Restate each entry below exactly; pictures stay out of the copy.
===== Information given
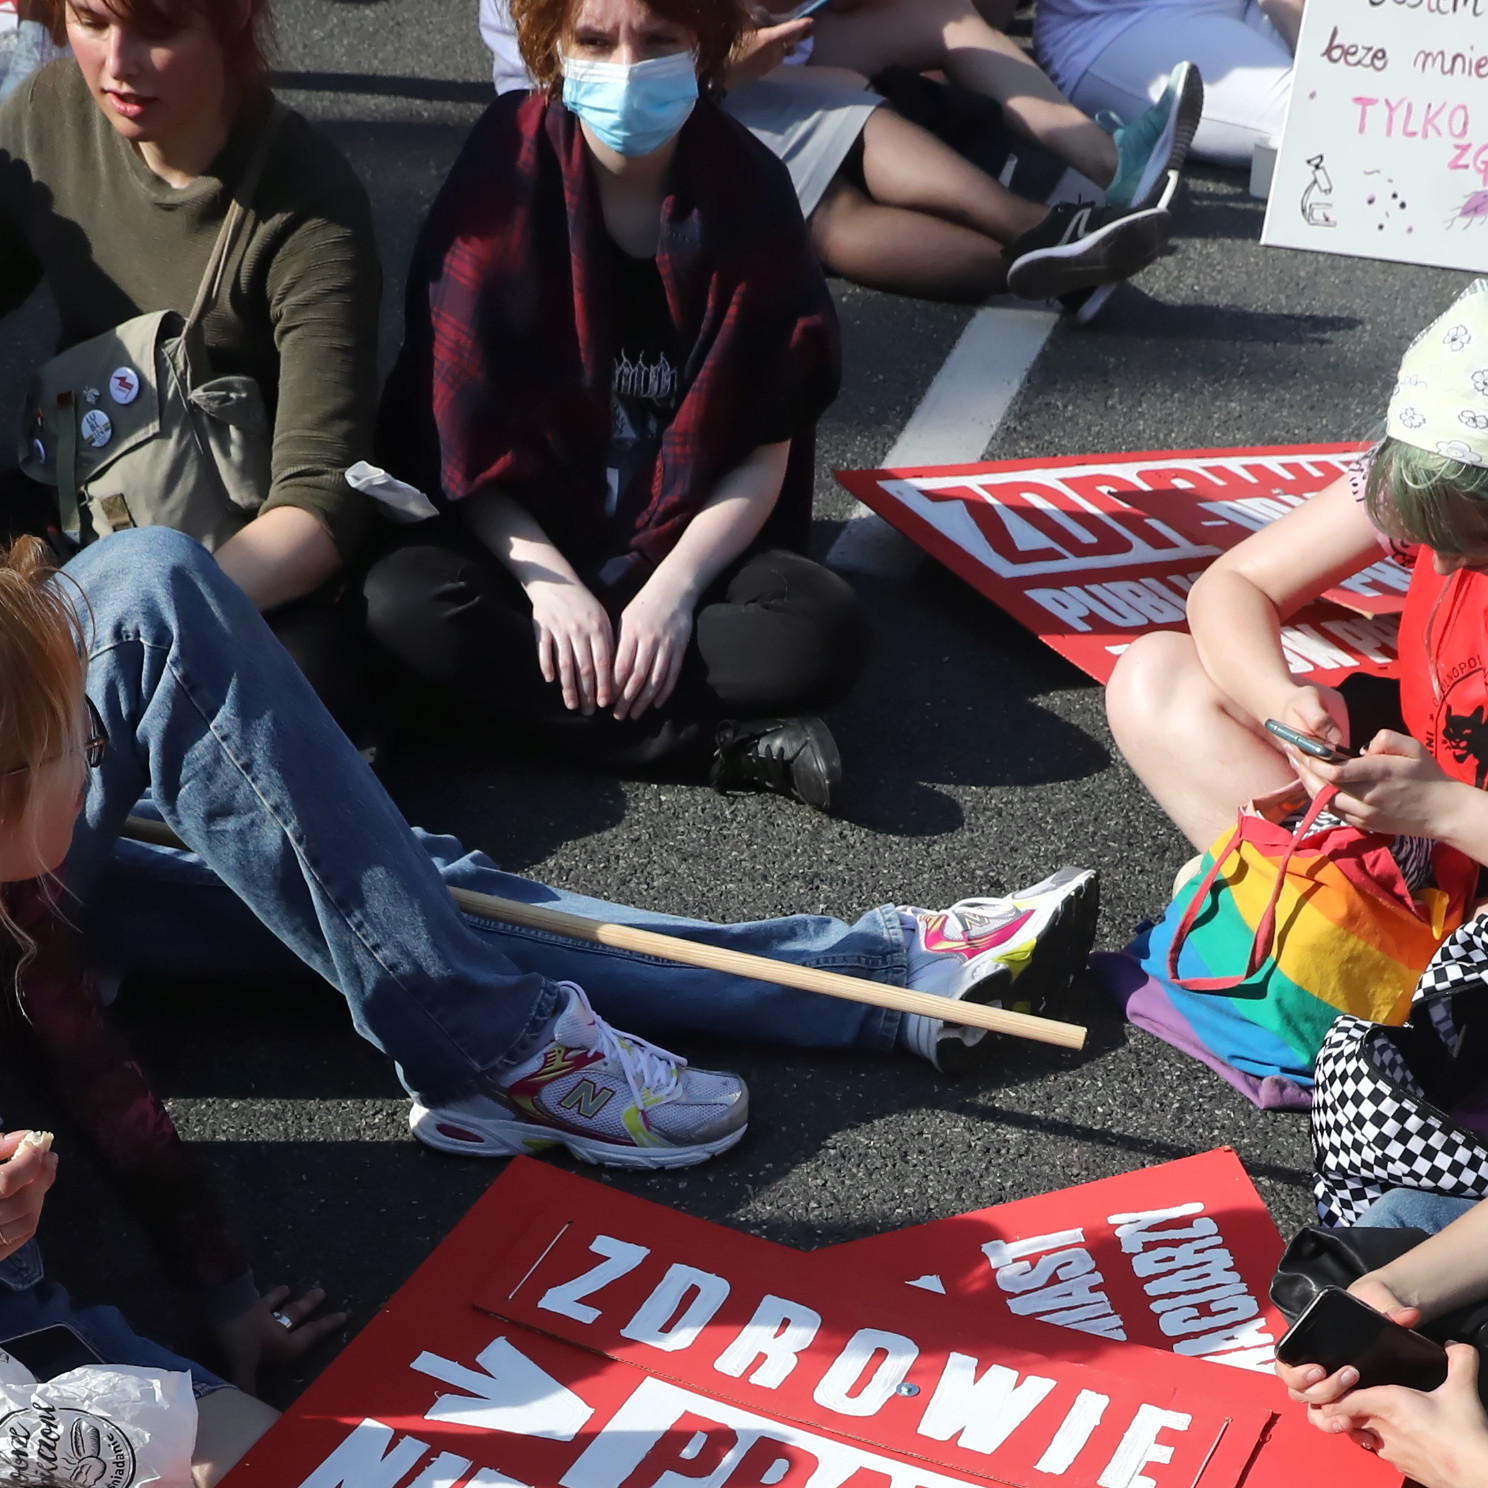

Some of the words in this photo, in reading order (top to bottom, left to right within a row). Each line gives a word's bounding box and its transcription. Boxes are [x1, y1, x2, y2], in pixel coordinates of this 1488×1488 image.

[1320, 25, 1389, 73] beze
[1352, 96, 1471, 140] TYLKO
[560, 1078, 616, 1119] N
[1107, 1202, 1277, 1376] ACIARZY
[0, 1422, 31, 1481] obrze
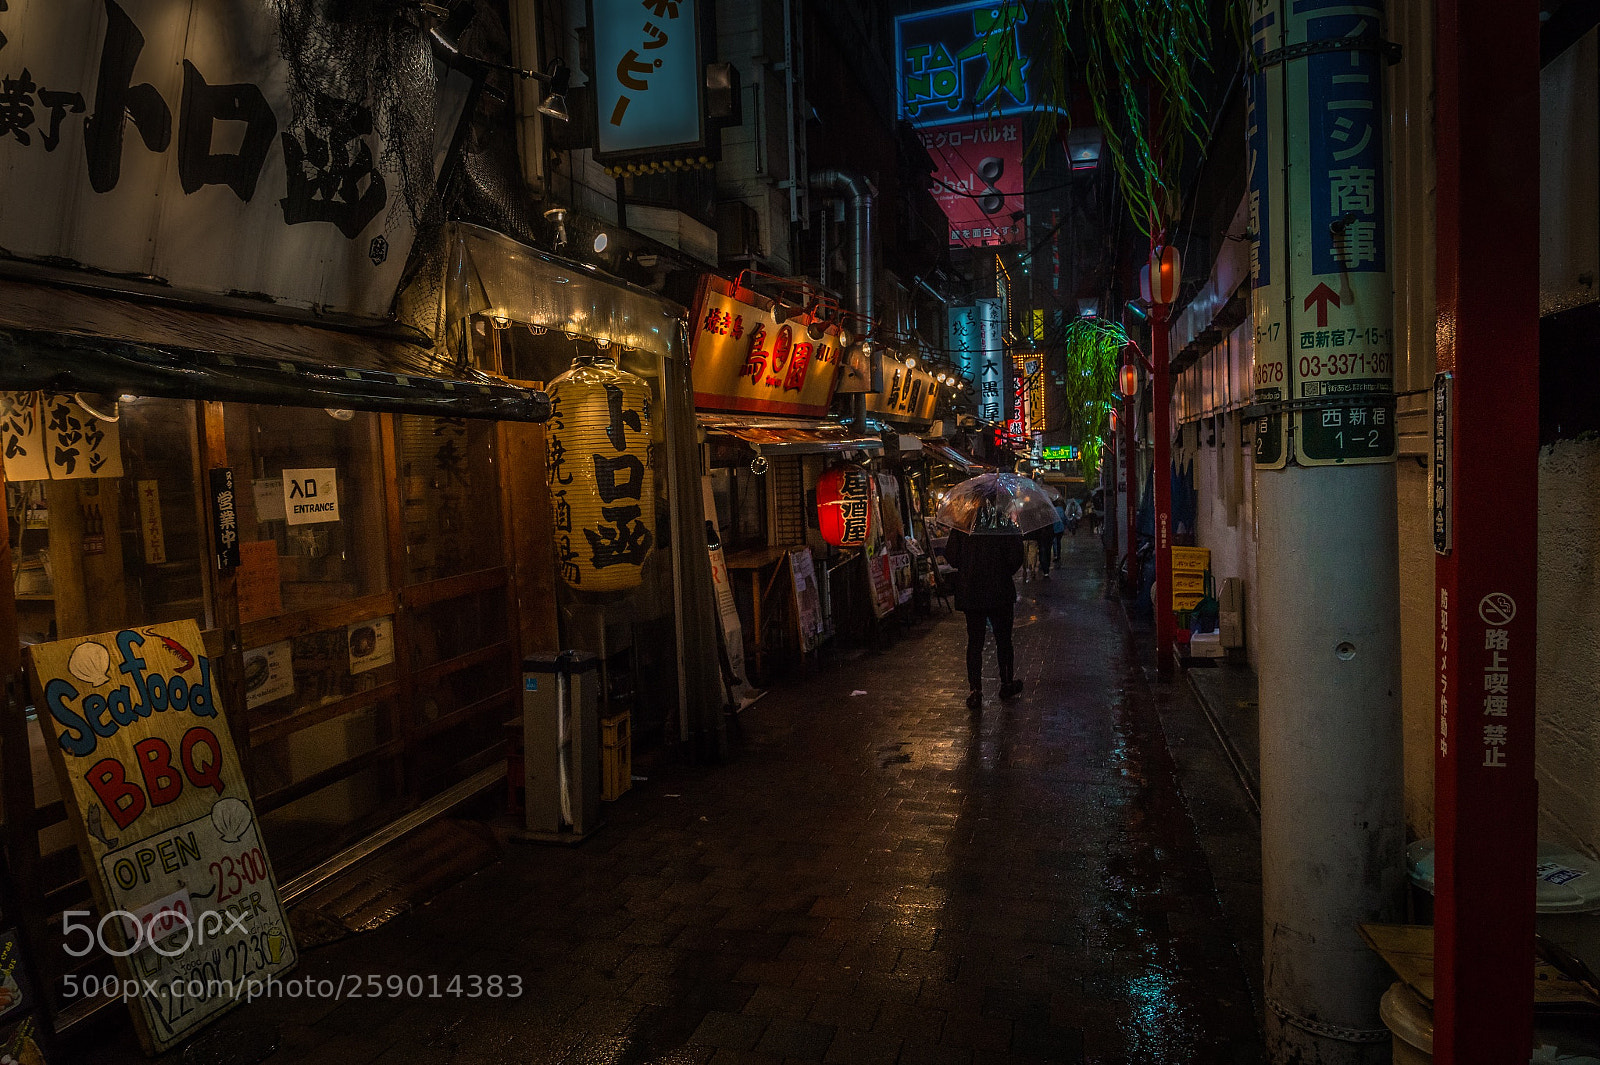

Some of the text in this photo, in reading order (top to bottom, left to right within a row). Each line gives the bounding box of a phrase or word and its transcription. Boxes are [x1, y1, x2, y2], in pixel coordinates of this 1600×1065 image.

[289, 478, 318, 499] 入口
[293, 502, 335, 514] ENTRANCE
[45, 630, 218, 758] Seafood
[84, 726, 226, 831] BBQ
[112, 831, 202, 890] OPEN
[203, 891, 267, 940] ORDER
==========
[Solved exercise]
Some of the words in this photo, in reading order (top to bottom, left to right within a row). Each line gives a word's bounding box and its transcription. Boxes are [x1, y1, x2, y2], in pixel coordinates of this 1488×1488 image.

[1320, 25, 1389, 73] beze
[1352, 96, 1471, 140] TYLKO
[560, 1078, 616, 1119] N
[1107, 1202, 1277, 1376] ACIARZY
[0, 1422, 31, 1481] obrze

Some of the text in this photo, in reading order (top to bottom, left to right within a row). Each line gives the bounding box of a phrase or word and its transcription. Boxes are [x1, y1, x2, y2], in pixel coordinates of this 1600×1065 image.

[289, 478, 318, 499] 入口
[293, 502, 335, 514] ENTRANCE
[45, 630, 218, 758] Seafood
[84, 726, 226, 831] BBQ
[112, 831, 202, 890] OPEN
[203, 891, 267, 940] ORDER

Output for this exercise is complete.